Task objective:
Reproduce, with no changes, the line that contains "Some of the text" and all the lines that come after it in the records.

Data for processing:

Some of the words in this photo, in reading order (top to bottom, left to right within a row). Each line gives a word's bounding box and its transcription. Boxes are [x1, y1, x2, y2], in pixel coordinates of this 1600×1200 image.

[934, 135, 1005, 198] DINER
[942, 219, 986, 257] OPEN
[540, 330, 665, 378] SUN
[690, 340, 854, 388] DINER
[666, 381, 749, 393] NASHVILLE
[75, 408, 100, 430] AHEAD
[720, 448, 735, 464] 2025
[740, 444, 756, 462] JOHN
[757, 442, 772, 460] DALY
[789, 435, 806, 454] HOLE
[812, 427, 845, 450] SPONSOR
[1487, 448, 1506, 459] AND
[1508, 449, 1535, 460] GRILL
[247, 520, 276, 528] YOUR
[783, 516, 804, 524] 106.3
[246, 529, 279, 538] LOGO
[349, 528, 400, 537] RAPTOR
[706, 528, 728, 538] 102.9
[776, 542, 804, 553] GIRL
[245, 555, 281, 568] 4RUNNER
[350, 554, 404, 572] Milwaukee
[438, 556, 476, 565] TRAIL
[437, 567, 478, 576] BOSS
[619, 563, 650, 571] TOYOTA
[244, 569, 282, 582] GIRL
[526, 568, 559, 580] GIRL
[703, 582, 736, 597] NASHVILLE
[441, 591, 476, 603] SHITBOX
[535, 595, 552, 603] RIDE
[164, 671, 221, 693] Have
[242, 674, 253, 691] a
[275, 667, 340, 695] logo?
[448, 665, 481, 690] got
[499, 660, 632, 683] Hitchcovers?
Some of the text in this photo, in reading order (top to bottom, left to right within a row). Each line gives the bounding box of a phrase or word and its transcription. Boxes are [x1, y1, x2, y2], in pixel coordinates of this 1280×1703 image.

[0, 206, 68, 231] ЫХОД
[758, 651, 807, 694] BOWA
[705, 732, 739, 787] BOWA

Response to the exercise:
Some of the text in this photo, in reading order (top to bottom, left to right within a row). Each line gives the bounding box of a phrase or word and its transcription. Boxes are [x1, y1, x2, y2], in pixel coordinates of this 1280×1703 image.

[0, 206, 68, 231] ЫХОД
[758, 651, 807, 694] BOWA
[705, 732, 739, 787] BOWA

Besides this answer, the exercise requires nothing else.